Snape’s entire body was rigid. “It is not my tendency,” he corrected.

Gash shook his head slightly. “I meant no insult, Professor Snape…”

“And I take none. Lupin is a colleague, and his paramour provides me with free beer,” he said. “I do not prefer men.”

Gash nodded slowly. “I’d actually prefer that you did…” he trailed off. “Not that it’s a requirement of course.”

This shocked Snape into silence for a bit. “Why?” he asked at last.

Gash looked at him with a weary trace of a smile on his face. “What fathers wish for their daughters is a man that treats her with affection and respect. This seems to me more likely when there is a foundation of something akin to friendship, not the whims of Cupid. Sexual love has its place, but you must agree that it’s a force for chaos. Even dangerous.”

Snape was quiet for a moment. “Yes, I can see that,” he said.

“I have only the example of my own marriage to prove this.”

Snape sat perfectly still, listening. Now, it would come out. Where was the wife? Where was Princilla’s mother?

Gash chuckled bitterly. “No doubt you've been wondering where she is, and why you haven't once met her in the past seven years."

Snape made a vaguely encouraging sound, realizing quite rightly that open curiosity might have stifled Gash's desire to talk.

"We lead rather separate lives," Roland Gash continued. "She appears when she wishes to. Usually when she needs money. Most of her time is spent in London. I have a house there. Not the largest, but…the location offers her an opportunity to pursue her interests.”

Snape did not ask what her interests were. The fact that they excluded Roland Gash and their daughter told him all he needed to know.

“I loved her. I married her. She is uninterested in our child. Uninterested in me, in the end.”

Snape did look at him then, and there must have been a trace of pity in his eyes.

“Oh, don’t be sorry, Professor Snape. I learned my lesson,” Gash insisted. “I have a mistress I’m quite fond of. She keeps me content. And there’s no thought of love or marriage to muck things up. We have a healthy respect and affection for each other. But…no love.
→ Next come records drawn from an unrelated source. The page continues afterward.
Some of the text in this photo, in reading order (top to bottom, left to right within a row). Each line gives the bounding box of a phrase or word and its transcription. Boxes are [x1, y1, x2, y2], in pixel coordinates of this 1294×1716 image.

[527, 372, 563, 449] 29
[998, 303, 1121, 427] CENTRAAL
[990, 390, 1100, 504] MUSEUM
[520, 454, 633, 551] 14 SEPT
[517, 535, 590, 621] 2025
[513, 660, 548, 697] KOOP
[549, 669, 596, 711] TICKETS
“Love,” Gash repeated, obvious disgust in his voice.

Suddenly, Snape understood. Completely and wholly. Suddenly, he understood.

“Princilla is…in love….” he said.

Gash nodded, his face a mask of discontent.
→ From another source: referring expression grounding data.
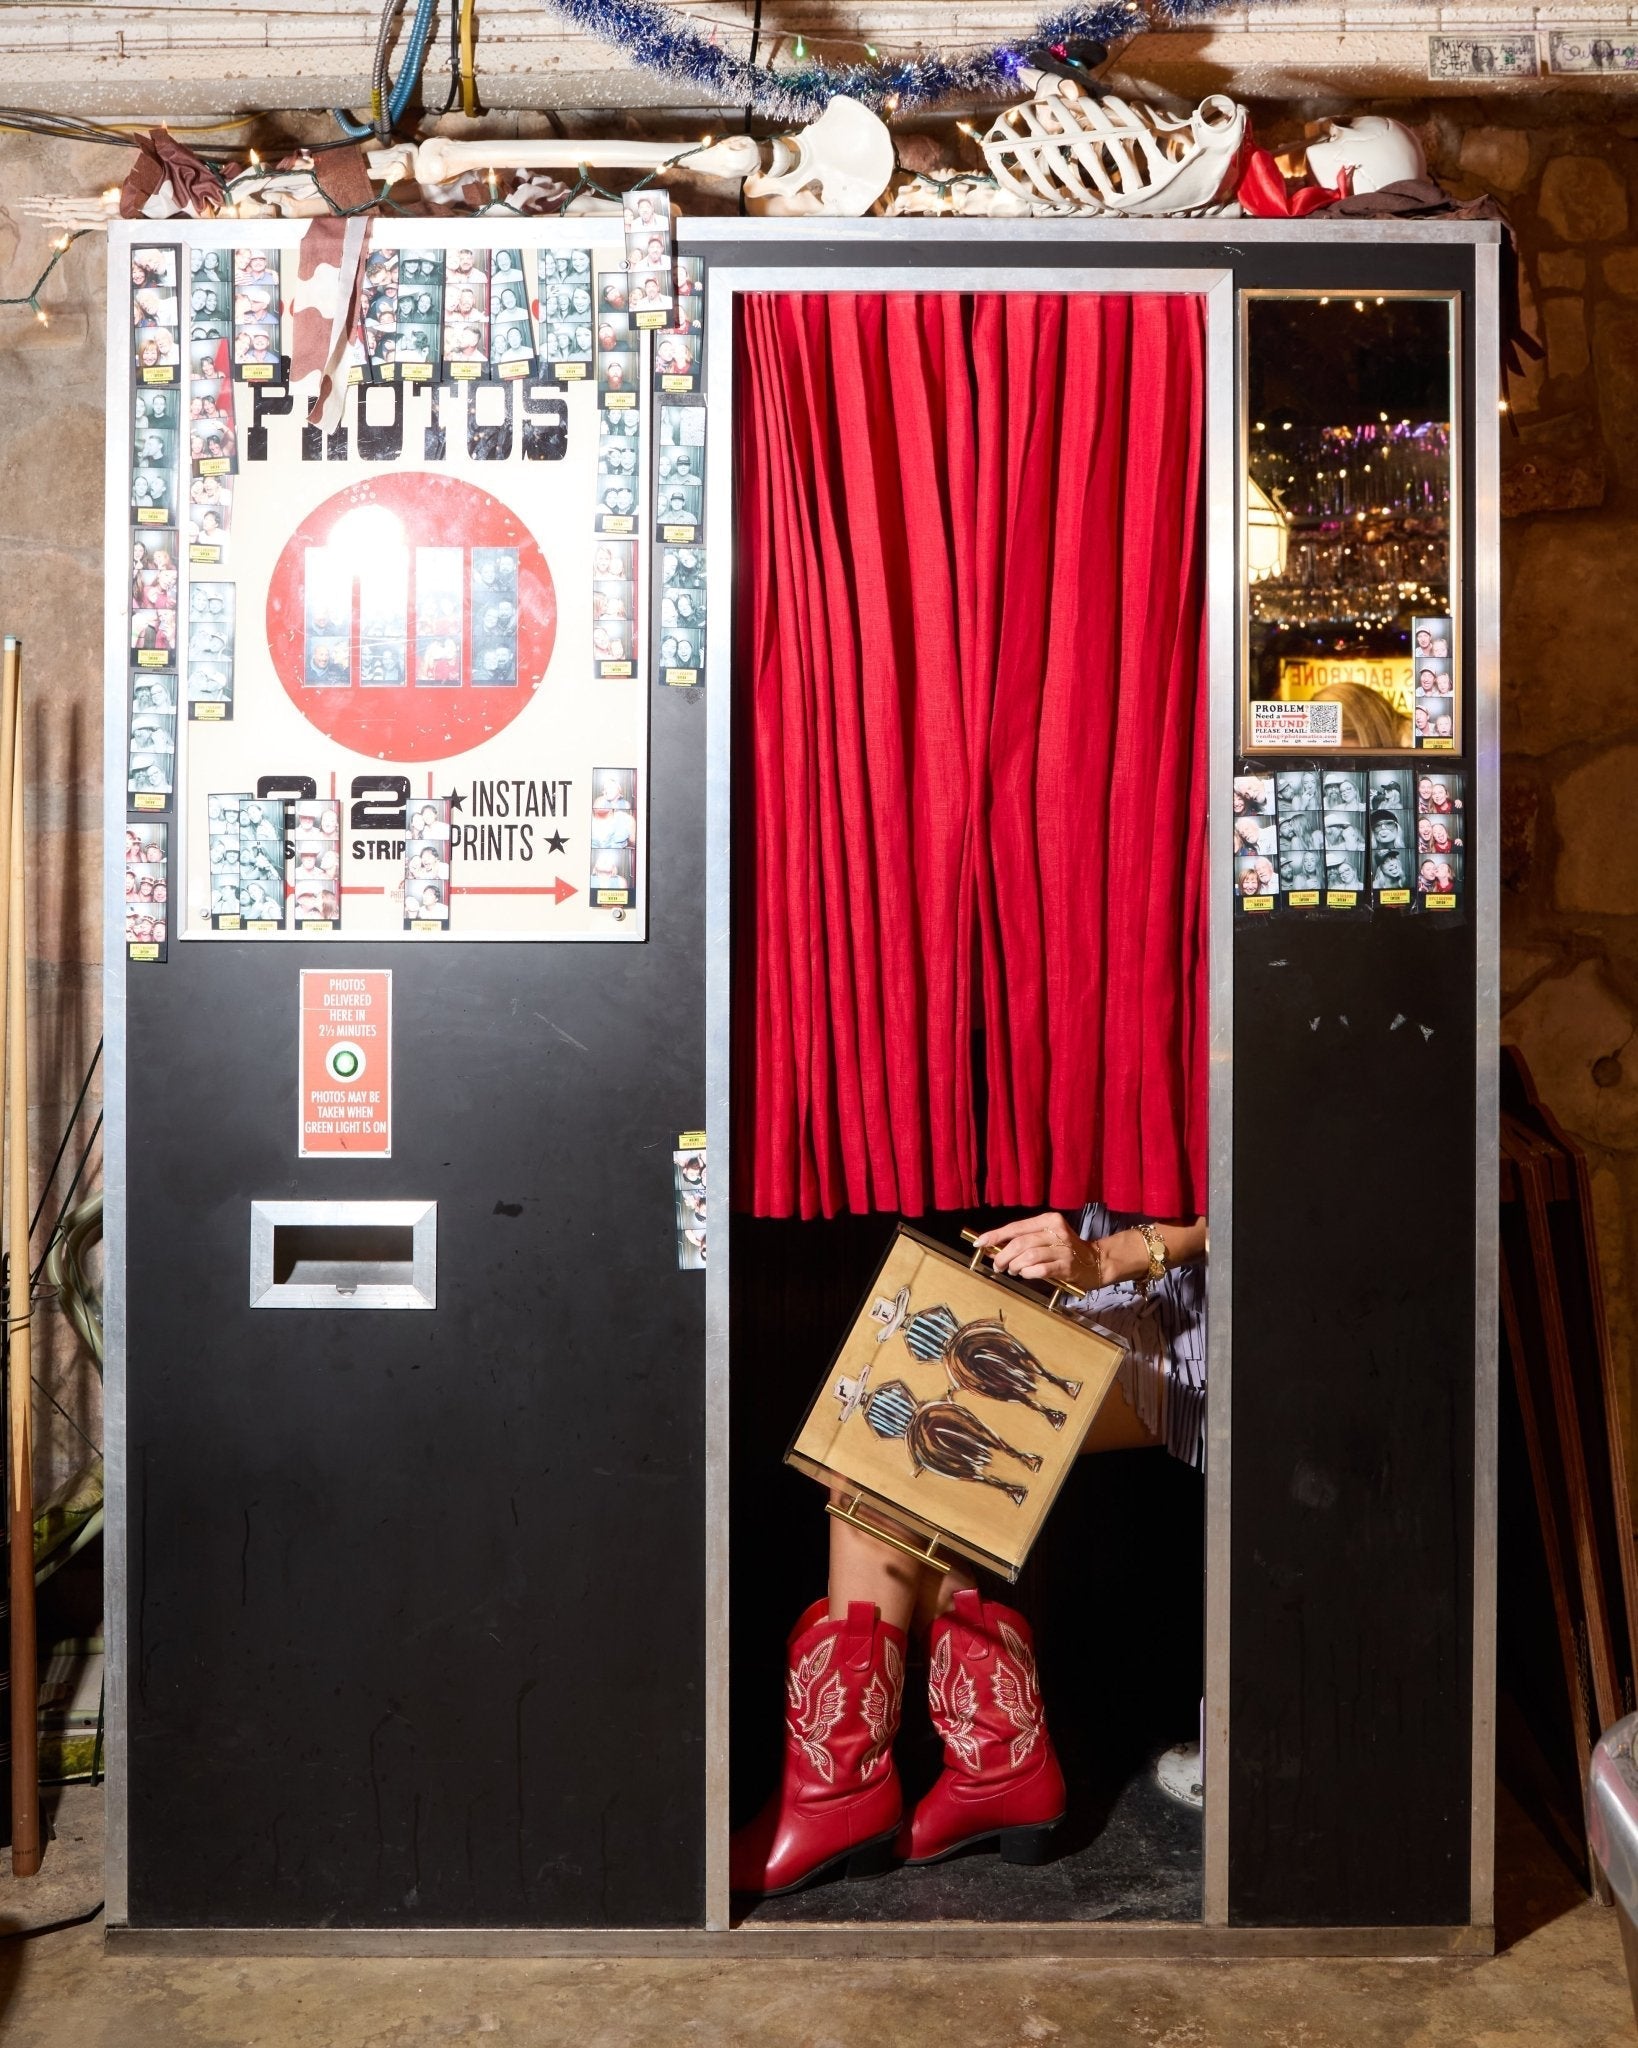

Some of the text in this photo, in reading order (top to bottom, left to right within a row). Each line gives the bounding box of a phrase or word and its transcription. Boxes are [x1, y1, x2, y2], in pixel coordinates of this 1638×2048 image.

[351, 775, 411, 830] 2
[472, 780, 573, 817] INSTANT
[451, 824, 534, 861] PRINTS
[329, 979, 366, 991] PHOTOS
[323, 994, 372, 1006] DELIVERED
[329, 1009, 366, 1022] HERE IN
[336, 1024, 377, 1037] MINUTES
[311, 1091, 380, 1103] PHOTOS MAY BE
[317, 1106, 374, 1118] TAKEN WHEN
[305, 1121, 387, 1134] GREEN LIGHT IS ON
“With a male you do not favor…”

Another nod.

Of course.

“Which is why you are so intent upon the contract.”

Still another nod.

Snape pursed his lips for a moment, wondering. “If she’s in love with this other man, how did you get her to sign it?”

Gash raised an eyebrow. “Well, I tricked her of course! She would not admit to me that she has feelings for this boy, wouldn’t say a thing, which I fully understand, considering. I used her reticence against her.”

Gash took notice of the look on Snape’s face before he continued.

“Oh, don’t be offended, Professor. She has a healthy affection for you as well. You may not have noticed it, because she is capable of hiding it well, but she has. For years, in fact. I could not have persuaded her to sign the contract otherwise. This infatuation is fairly new.”

Snape thought for a moment, letting the idea that Princilla had “affection” for him sink in. “If you don’t mind me asking,” Snape began carefully, “who is the boy?”

Gash let out a short, barking laugh. “It doesn’t matter. As I said she refuses to admit it to me. But I know. And I won’t have it, I tell you. I won’t have it!

At this Gash pounded his fist on the table, which toppled over his wine glass and sent it rolling to the stone floor, where it shattered.

Pansy came in immediately, and as Gash sat there glowering in silence, she cleaned up the shards.

Finally, after the room was quiet for a long time, Gash put his head in his hands.

“It’s...Malfoy,” he said, utterly disgusted. “Draco Malfoy.”